Scavenging superoxide obliterates the O-GlcNAc modification and nucleus translocation of NF-κB/p65 in LPS-challenged endothelial cells. BAEC were pretreated either with vehicle (culture medium) or mTempol (up to 1mM, a mitochondria-targeted antioxidant with superoxide scavenging properties) for up to 1 h followed by incubation with LPS (100 ng/ml) for 1 h. The treated cells were subjected to (A) assessment of the role of superoxide scavenger on LPS-induced MAPK activation by Western blot; (B) Western blotting of proteins either from WGA-enriched O-GlcNAc modified proteins or whole cell lysates (to assess protein input as a loading control); (B) immunofluorescent staining of NF-κB or DAPI with a kit including ProLong® Gold and SlowFade® Gold Antifade.

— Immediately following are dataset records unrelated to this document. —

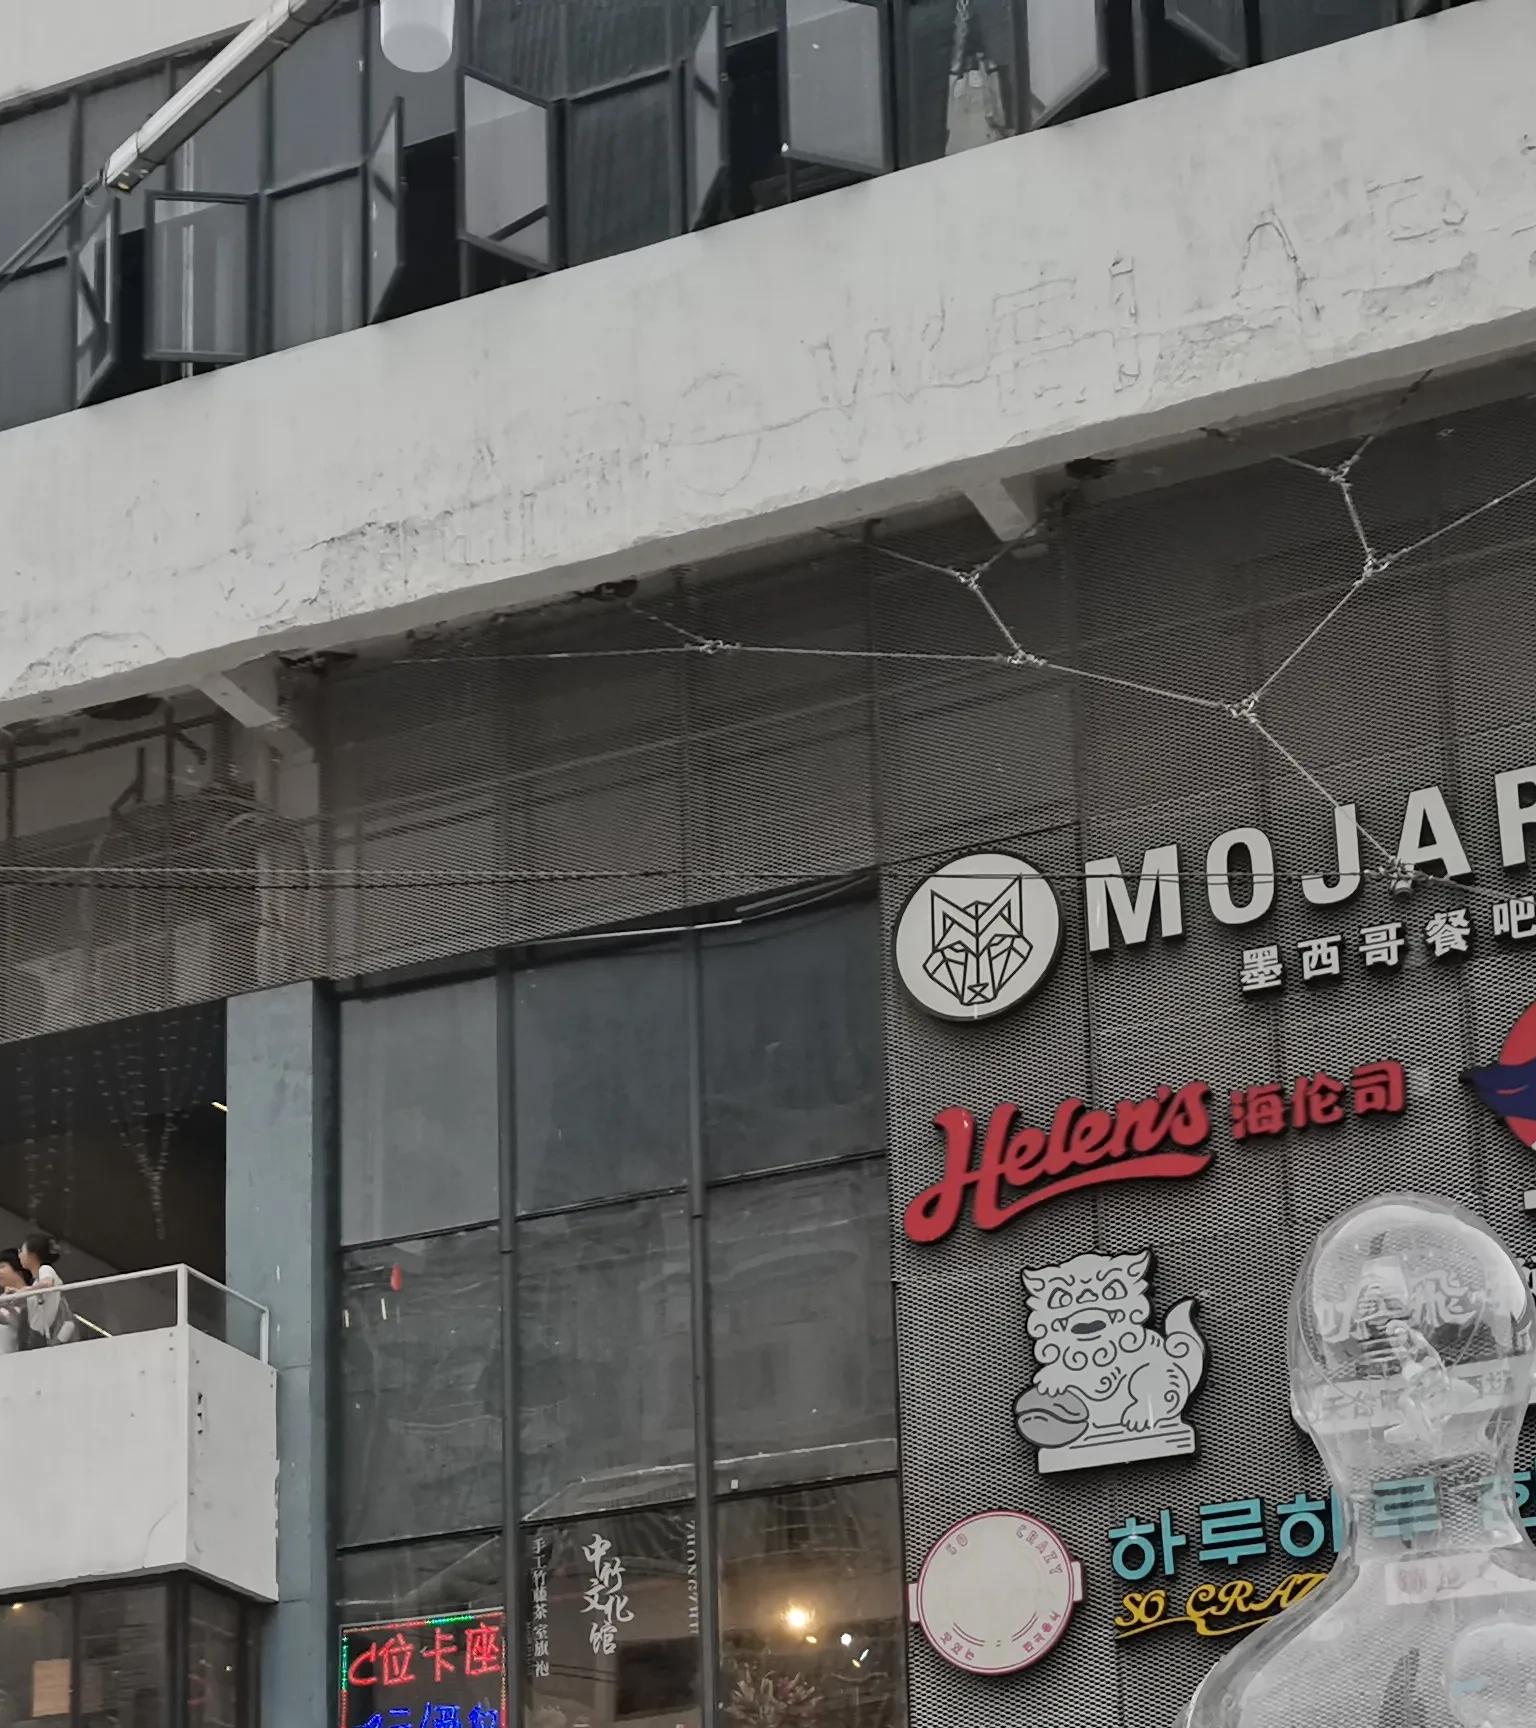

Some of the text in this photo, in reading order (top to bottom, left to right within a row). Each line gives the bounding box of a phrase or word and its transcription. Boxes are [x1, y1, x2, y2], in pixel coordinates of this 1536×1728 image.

[902, 1058, 1407, 1243] Helen's 海伦司
[1015, 1524, 1064, 1576] CRAZY
[1184, 1571, 1330, 1634] CRAZ
[347, 1621, 502, 1687] C位卡座
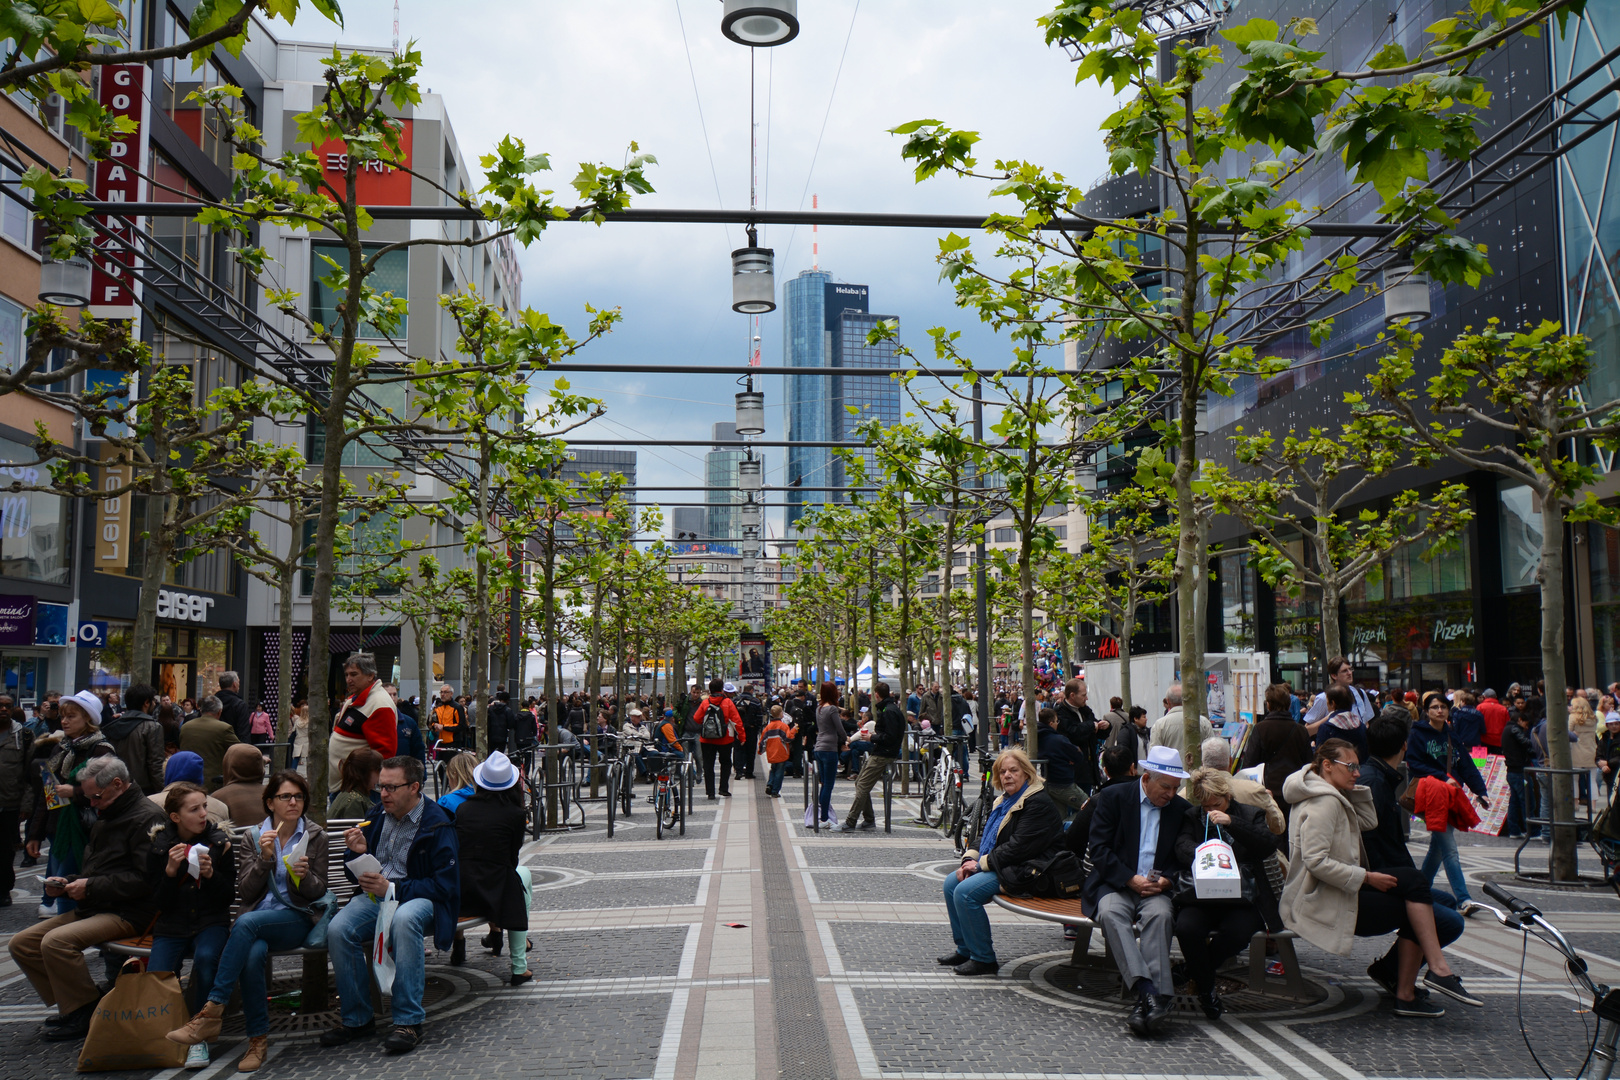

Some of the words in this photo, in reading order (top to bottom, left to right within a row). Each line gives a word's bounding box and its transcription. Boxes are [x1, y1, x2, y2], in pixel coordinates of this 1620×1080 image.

The secondary antibody was conjugated with a fluorescent green dye (Alexa Fluor 488). Nuclear p65 fluorescence was quantified. All images shown are representative of three independent experiments. Data are expressed as means ± SEM (n=3). ^#P<0.05, ^##P<0.01 compared to the vehicle-treated control group; *P<0.05, **P<0.01 compared to the LPS-only group.